Alcohol Kills 1 in 8 Americans Under 65, CDC Finds

Alcohol Kills 1 in 8 Americans Under 65, CDC Finds

America’s alcohol habit comes with a hefty annual death toll, new research shows. The study estimates that excess drinking is responsible for one of every eight deaths in Americans between the ages of 20 to 64 every year. And though younger people are less likely to die in general, alcohol might help cause one in every five deaths among adults below the age of 50.

It’s long been clear that drinking alcohol can be deadly, especially chronically heavy or binge drinking. But scientists from the Centres for Disease Control and Prevention wanted a better understanding of how much alcohol can contribute to deaths that might not be entirely caused by it, such as certain cancers. So they decided to analyse recent years’ worth of mortality data as well as data on how often Americans are drinking. They then applied this data to newly calculated estimates of how much alcohol fully and partially contributes to various acute and chronic causes of death (a fully attributable death, for instance, would be someone dying from alcoholic liver disease).

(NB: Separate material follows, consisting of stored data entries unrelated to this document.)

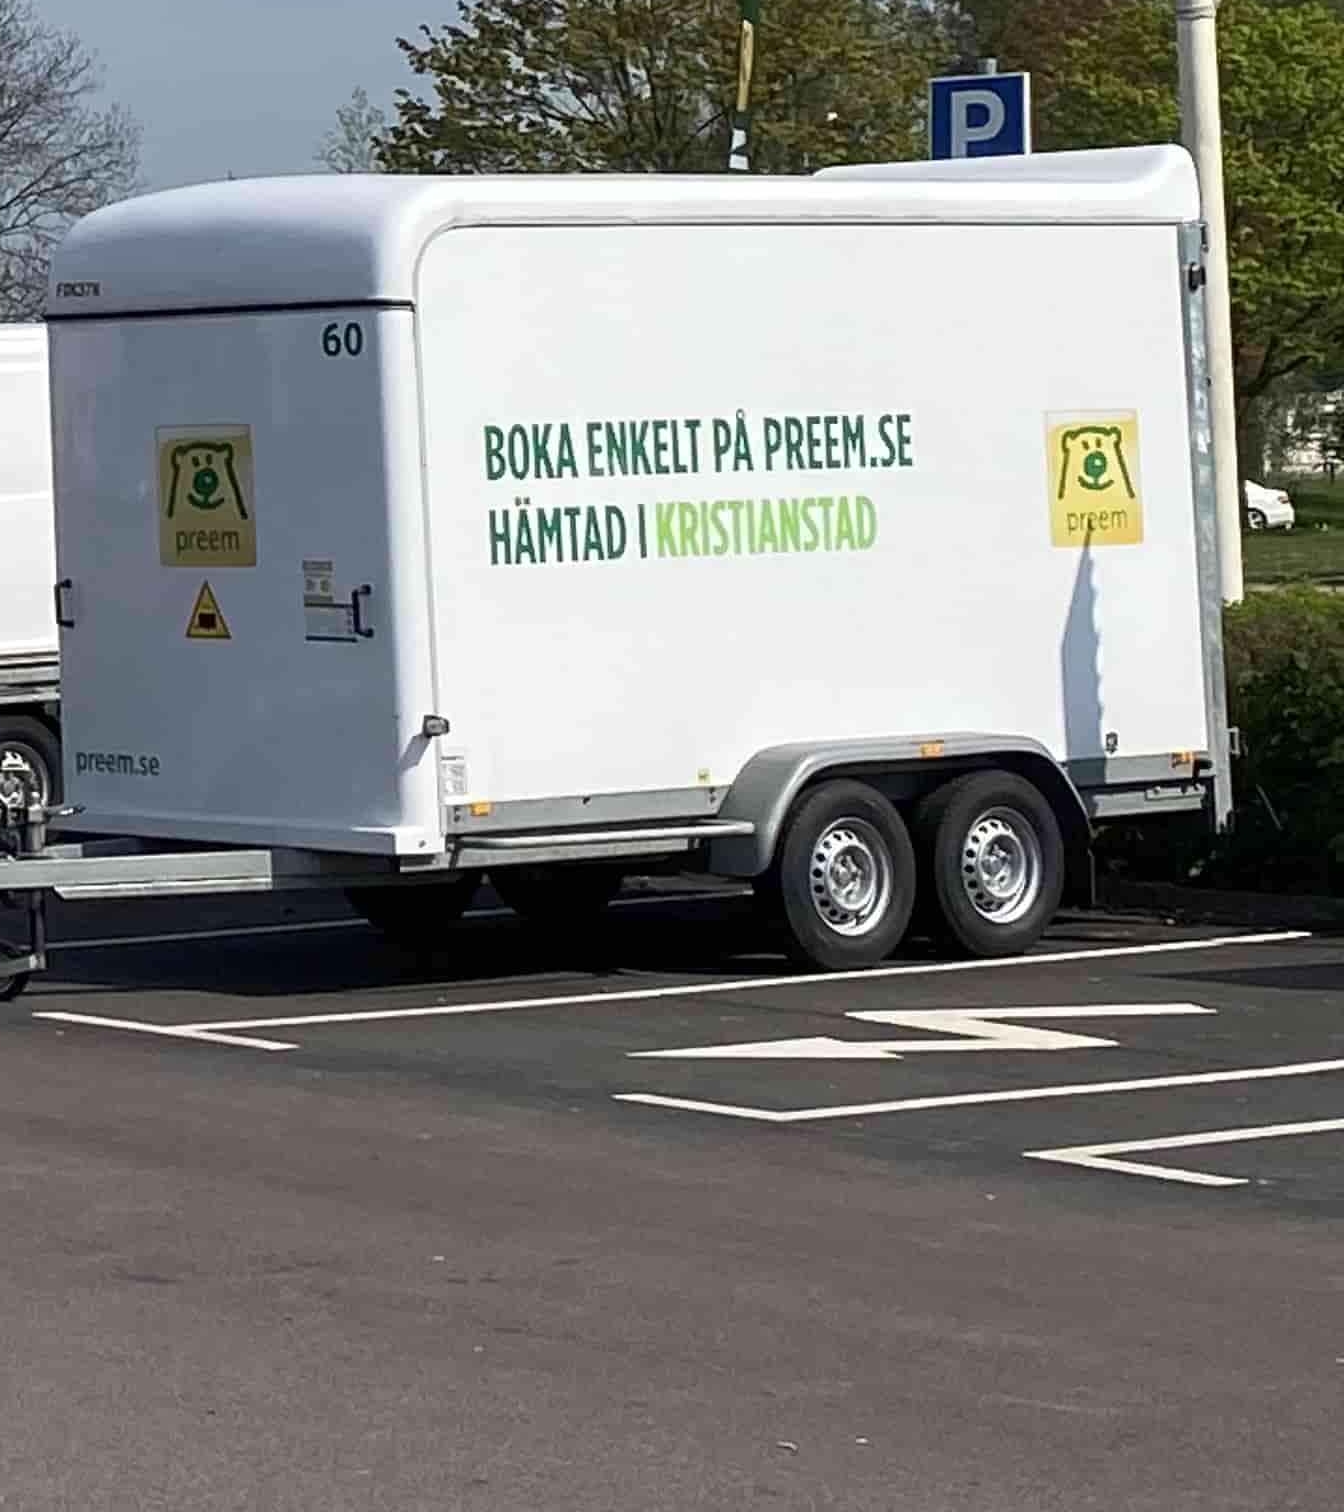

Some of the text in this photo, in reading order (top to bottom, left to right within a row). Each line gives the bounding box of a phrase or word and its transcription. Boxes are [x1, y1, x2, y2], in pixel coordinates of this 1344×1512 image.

[951, 89, 1005, 159] P
[323, 322, 363, 357] 60
[484, 408, 913, 481] BOKA ENKELT PÅ PREEM.SE
[489, 495, 878, 565] HÄMTAD I KRISTIANSTAD
[1067, 509, 1128, 536] preem
[176, 529, 240, 558] preem
[76, 752, 160, 777] preem.se
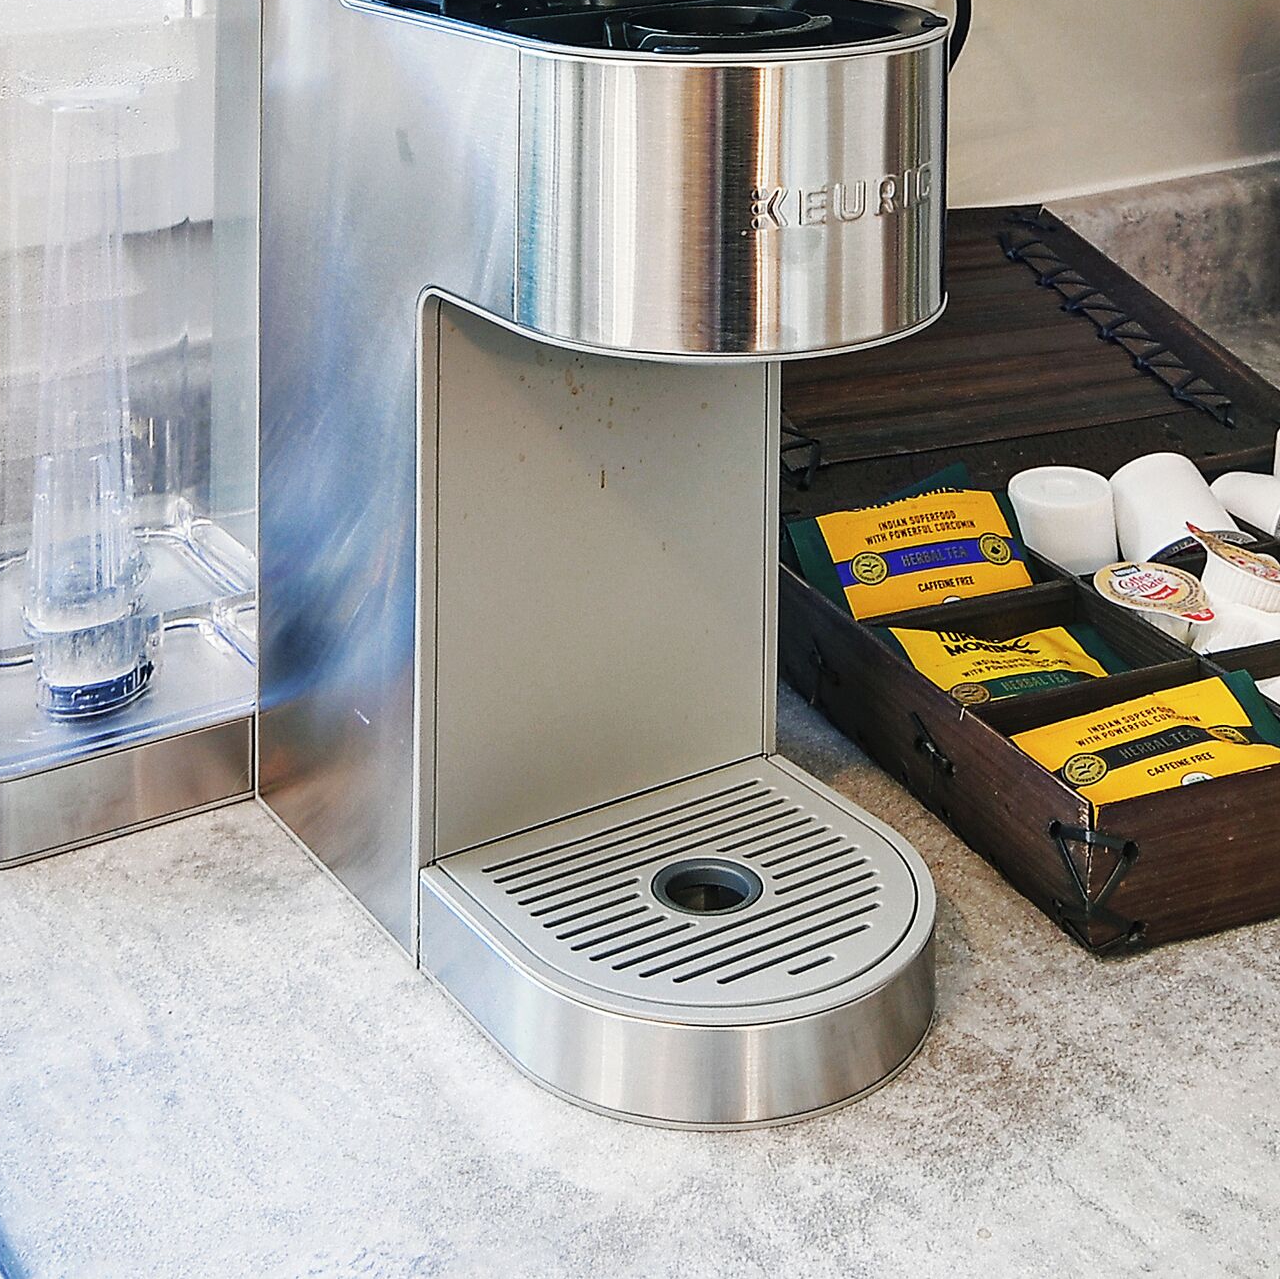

Earlier this year, the CDC released their updated numbers for the country as a whole. They now estimate that excessive alcohol use is responsible for more than 140,000 deaths in the United States annually — up from their previous estimate of 95,000 alcohol-related deaths a year. But these new findings, published in JAMA Network Open on Tuesday, show that many of these deaths are happening among working-age Americans.

Between 2015 to 2019, there were an average 694,660 annual deaths among adults aged 20 to 64 years. About 13% of these deaths (nearly 90,000 a year) were attributable to excessive alcohol use, the researchers found. And for Americans between the ages of 20 to 49, excessive alcohol use helped cause about 20% of deaths during the same time period (about 45,000 a year).

These new figures may still undersell the harms of alcohol, the authors note. Some alcohol-related deaths among people who quit drinking might have been missed due to the study’s design, for instance. And there’s a lack of relevant data on how much alcohol can contribute to some causes of death in the U.S., such as HIV/AIDS. These estimates also predate the emergence of covid-19 and other data have shown that alcohol consumption, and by extension, alcohol-related deaths, only worsened during the first year of the pandemic.

While drinking isn’t going to fall out of favour anytime soon, the authors say that more can be done to mitigate its harms.

“These premature deaths could be reduced through increased implementation of evidence-based alcohol policies (eg, increasing alcohol taxes, regulating alcohol outlet density), and alcohol screening and brief intervention,” they wrote.